PROBLEM REQUIREMENTS: Each entry that follows is to be retyped exactly. Pictures do not belong in the copy.

DATA EXTRACT:
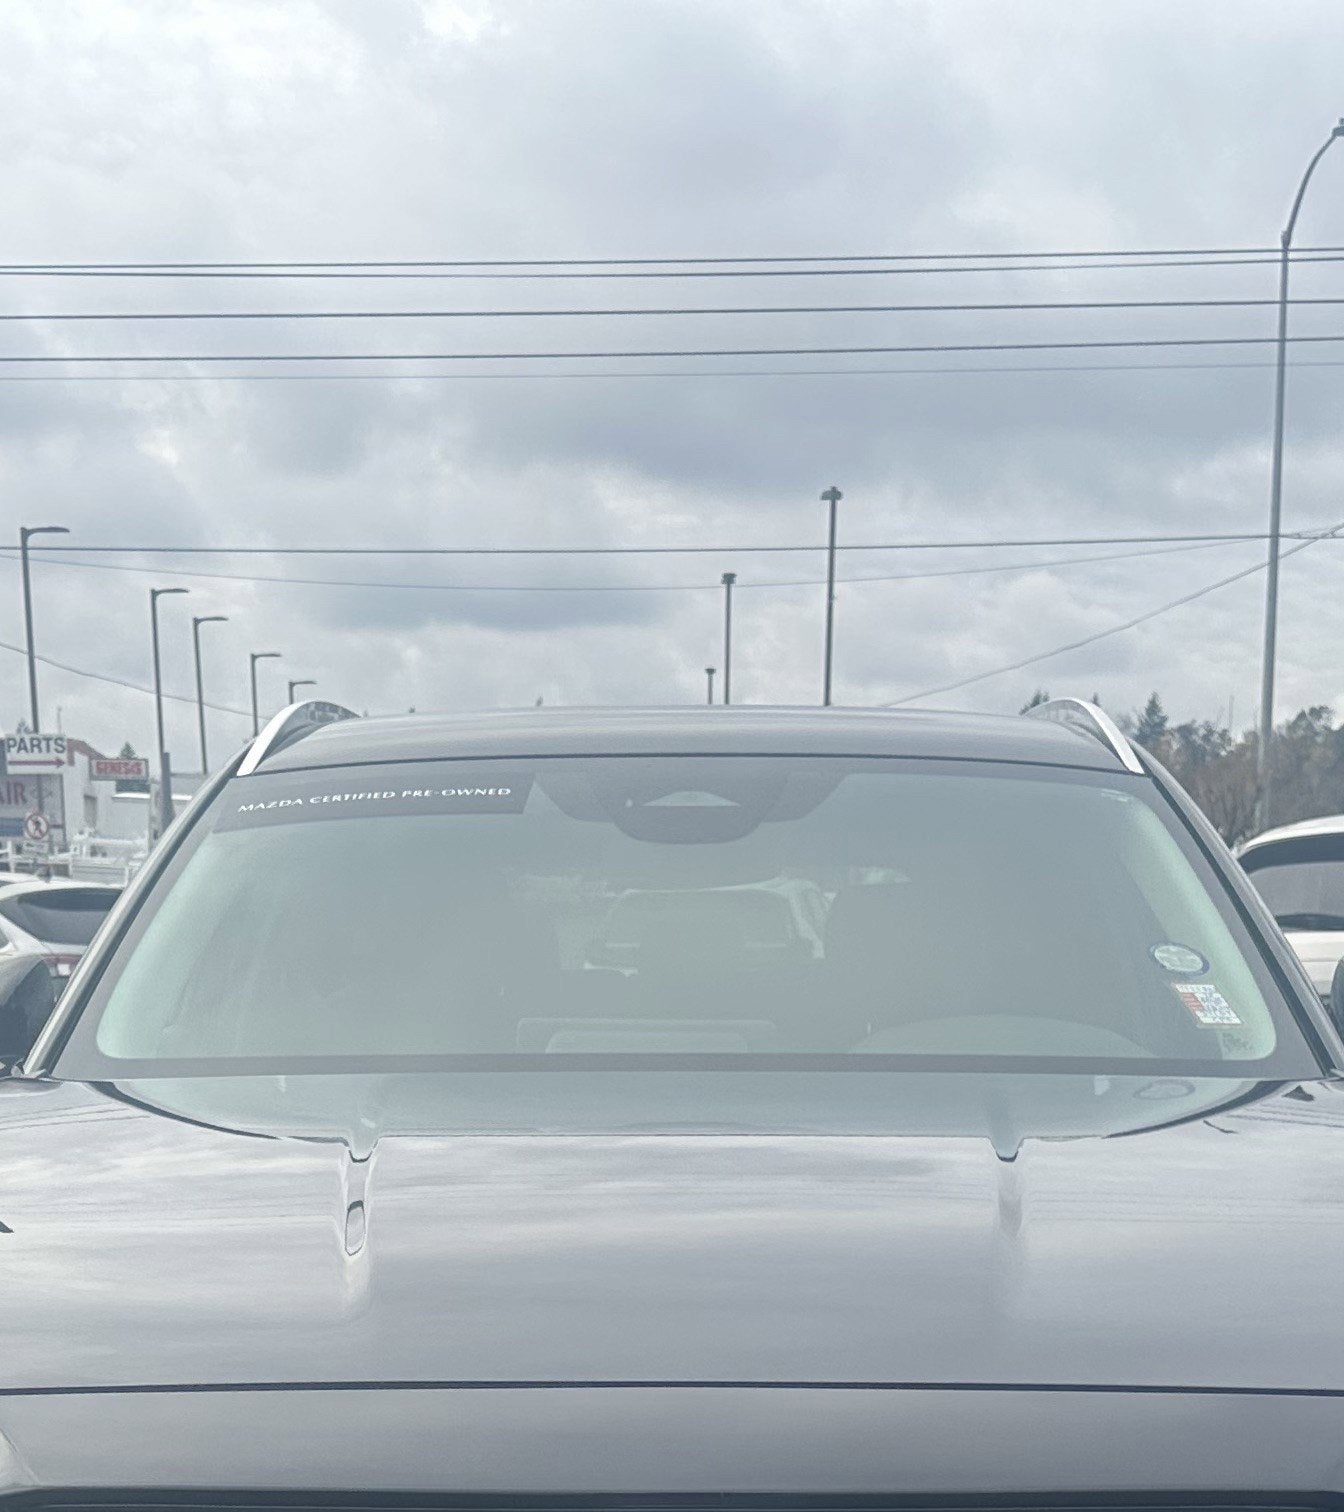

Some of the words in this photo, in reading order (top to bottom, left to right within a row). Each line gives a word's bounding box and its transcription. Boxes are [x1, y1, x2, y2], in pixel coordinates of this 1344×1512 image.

[6, 737, 66, 754] PARTS
[238, 798, 303, 812] MAZDA
[309, 791, 396, 804] CERTIFIED
[402, 788, 511, 798] PRE-OWNED

RESPONSE AREA:
Some of the words in this photo, in reading order (top to bottom, left to right within a row). Each line gives a word's bounding box and its transcription. Boxes are [x1, y1, x2, y2], in pixel coordinates of this 1344×1512 image.

[6, 737, 66, 754] PARTS
[238, 798, 303, 812] MAZDA
[309, 791, 396, 804] CERTIFIED
[402, 788, 511, 798] PRE-OWNED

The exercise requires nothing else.